Greene William, Harris Mark N, Srivastava Preety, Zhao Xueyan
Stern School of Business, New York University, New York, NY, USA.
Curtin Business School, Curtin University, Perth, WA, Australia.
Health Econ. 2018 Feb;27(2):372-389. doi: 10.1002/hec.3553. Epub 2017 Aug 4.
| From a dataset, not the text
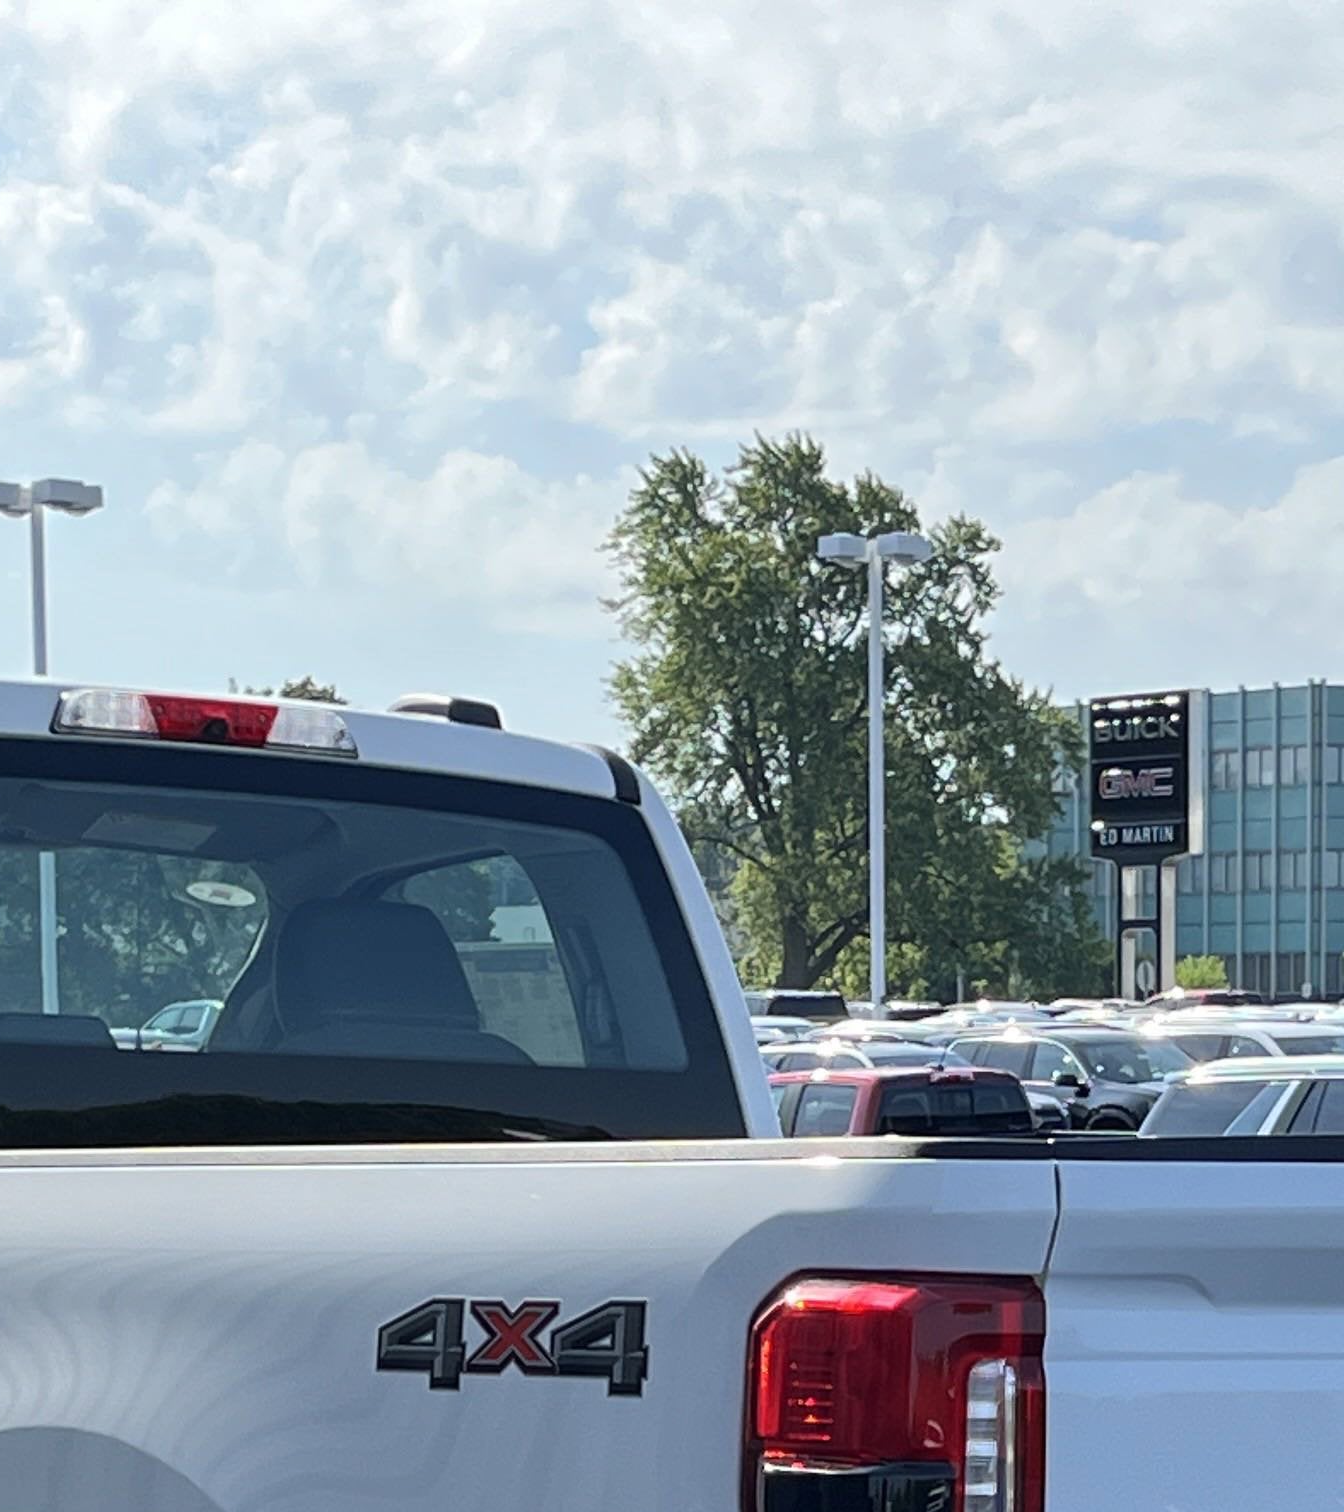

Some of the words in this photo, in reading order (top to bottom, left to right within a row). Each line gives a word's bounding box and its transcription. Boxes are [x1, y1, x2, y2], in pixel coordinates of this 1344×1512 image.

When modelling "social bads," such as illegal drug consumption, researchers are often faced with a dependent variable characterised by a large number of zero observations. Building on the recent literature on hurdle and double-hurdle models, we propose a double-inflated modelling framework, where the zero observations are allowed to come from the following: nonparticipants; participant misreporters (who have larger loss functions associated with a truthful response); and infrequent consumers. Due to our empirical application, the model is derived for the case of an ordered discrete-dependent variable. However, it is similarly possible to augment other such zero-inflated models (e.g., zero-inflated count models, and double-hurdle models for continuous variables). The model is then applied to a consumer choice problem of cannabis consumption. We estimate that 17% of the reported zeros in the cannabis survey are from individuals who misreport their participation, 11% from infrequent users, and only 72% from true nonparticipants.
在对诸如非法药物消费等“社会不良行为”进行建模时,研究人员常常面临一个具有大量零观测值的因变量。基于近期关于门槛模型和双重门槛模型的文献,我们提出了一个双重膨胀建模框架,其中零观测值可能来自以下几种情况:非参与者;参与者误报者(他们因如实回答而具有更大的损失函数);以及不常消费者。由于我们的实证应用,该模型是针对有序离散因变量的情况推导出来的。然而,同样有可能对其他此类零膨胀模型(例如,零膨胀计数模型以及连续变量的双重门槛模型)进行扩展。然后将该模型应用于大麻消费的消费者选择问题。我们估计,大麻调查中报告的零值有17%来自误报参与情况的个体,11%来自不常使用者,而仅有72%来自真正的非参与者。